--- START ---
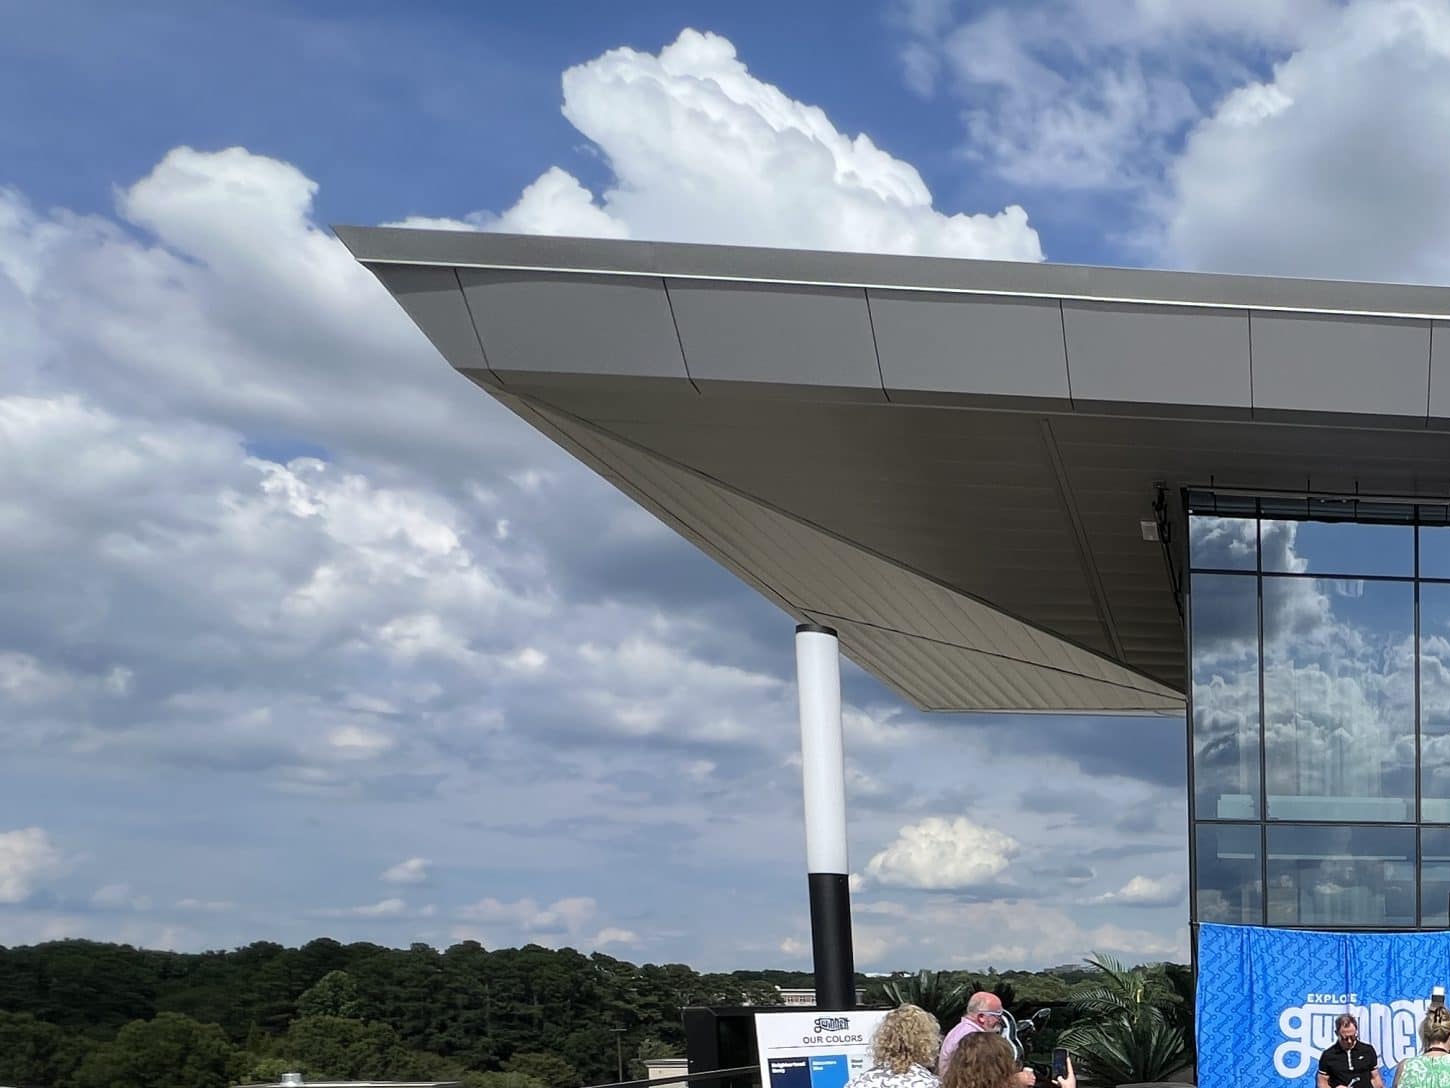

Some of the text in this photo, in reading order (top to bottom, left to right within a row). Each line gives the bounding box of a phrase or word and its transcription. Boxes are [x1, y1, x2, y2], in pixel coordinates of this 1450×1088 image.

[1307, 993, 1358, 1004] EXPLOE
[803, 1034, 863, 1044] OUR COLORS
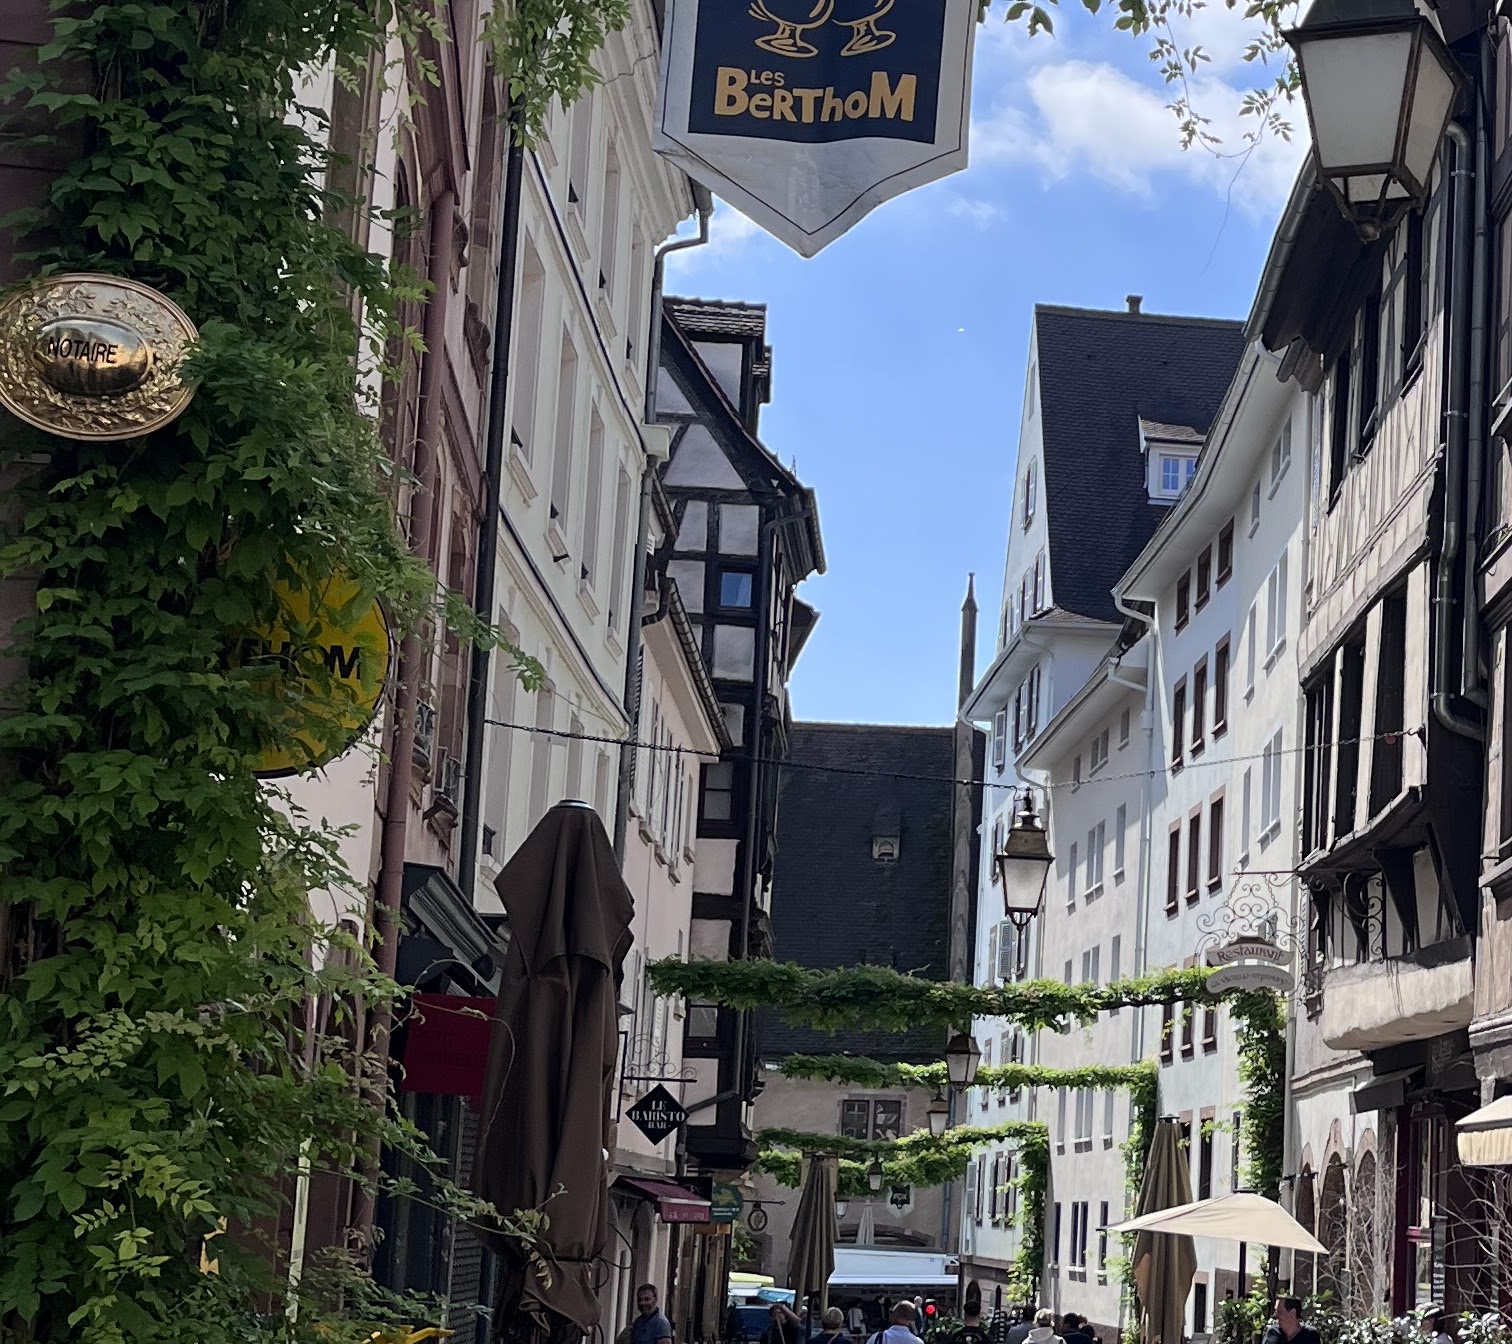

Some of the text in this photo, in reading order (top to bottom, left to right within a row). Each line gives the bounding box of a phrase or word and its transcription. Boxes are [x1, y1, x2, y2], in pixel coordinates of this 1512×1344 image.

[47, 336, 119, 364] NOTAIRE
[651, 1100, 668, 1111] LE
[631, 1110, 686, 1122] BARISTO
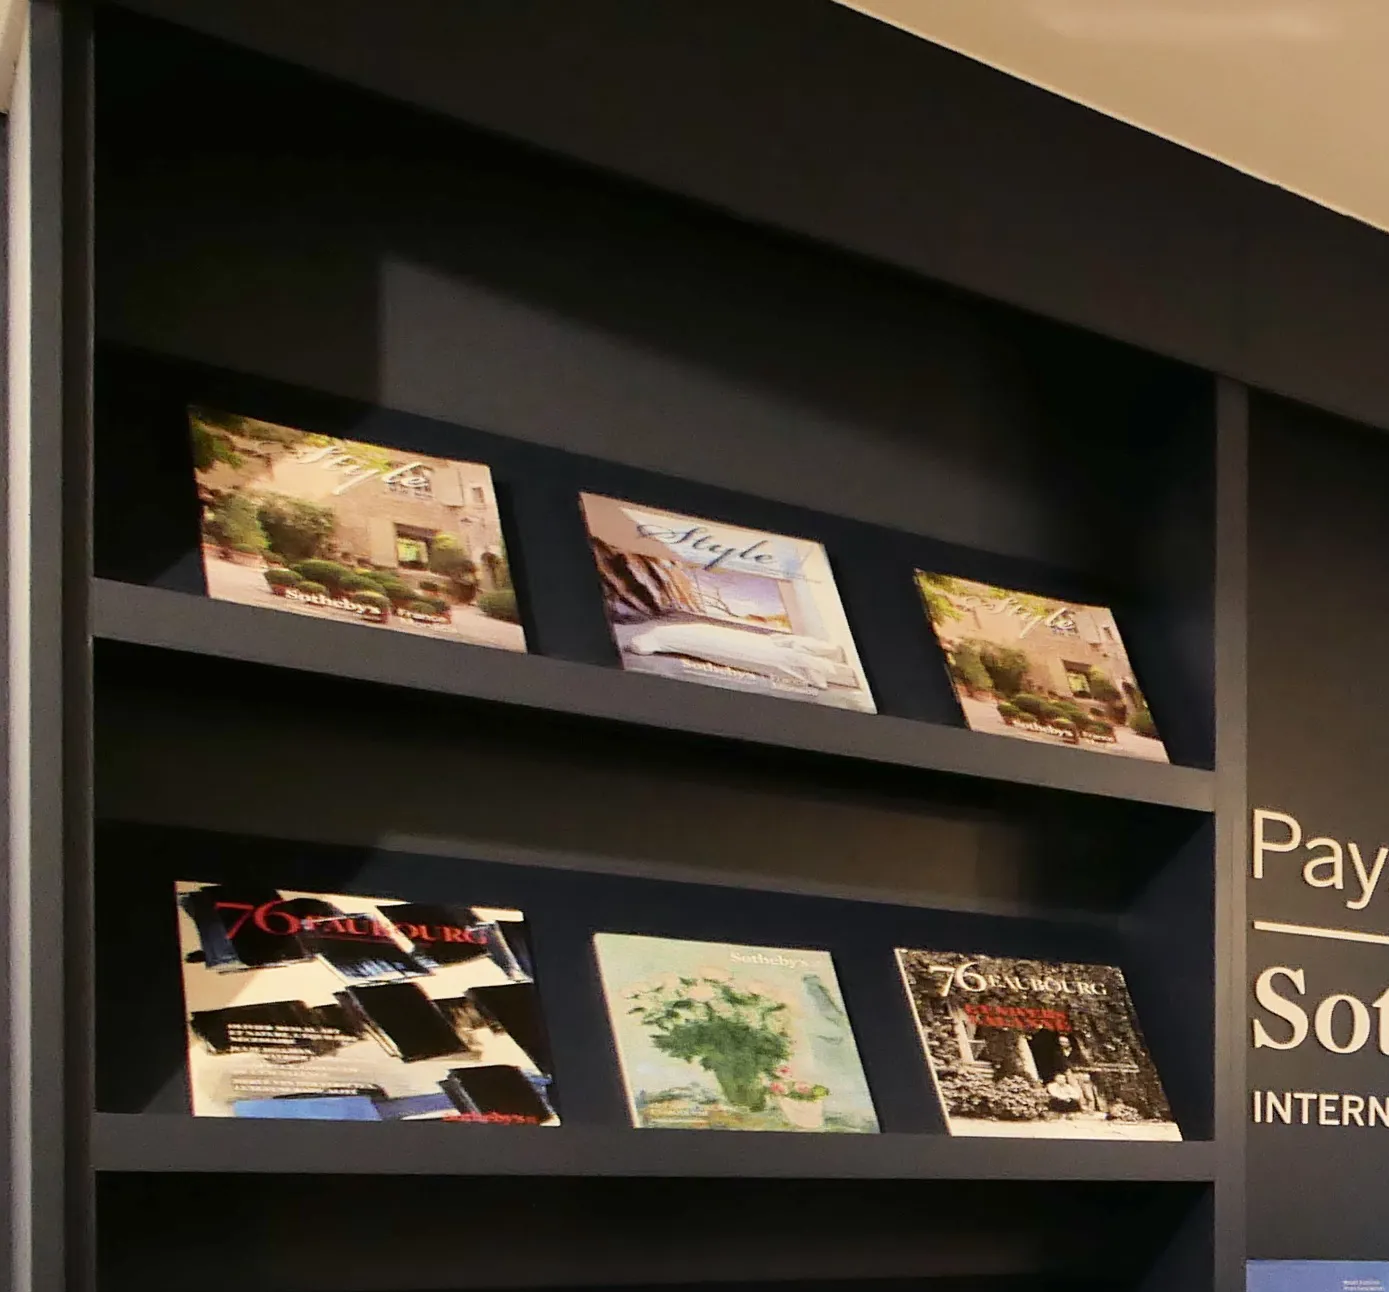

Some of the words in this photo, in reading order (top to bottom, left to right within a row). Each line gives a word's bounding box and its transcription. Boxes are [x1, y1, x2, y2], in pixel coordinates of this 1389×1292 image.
--- END ---
WHAT IS BEING ASKED
Would you print the material exactly once more, without any of its pictures?

THE COMPLETED TASK
Some of the text in this photo, in reading order (top to bottom, left to right within a row). Each line gives the bounding box of a phrase or word and its transcription. Boxes are [x1, y1, x2, y2], in pixel coordinates of this 1450×1088 image.

[1307, 993, 1358, 1004] EXPLOE
[803, 1034, 863, 1044] OUR COLORS

Some of the text in this photo, in reading order (top to bottom, left to right within a row). Each line gives the bounding box of a phrase or word and its transcription. Boxes are [x1, y1, x2, y2], in pixel coordinates of this 1512×1344 image.

[47, 336, 119, 364] NOTAIRE
[651, 1100, 668, 1111] LE
[631, 1110, 686, 1122] BARISTO

Some of the words in this photo, in reading order (top to bottom, left to right within a row). Each line gives a word's bounding box and its transcription. Boxes are [x1, y1, x2, y2], in pixel coordinates of this 1389×1292 image.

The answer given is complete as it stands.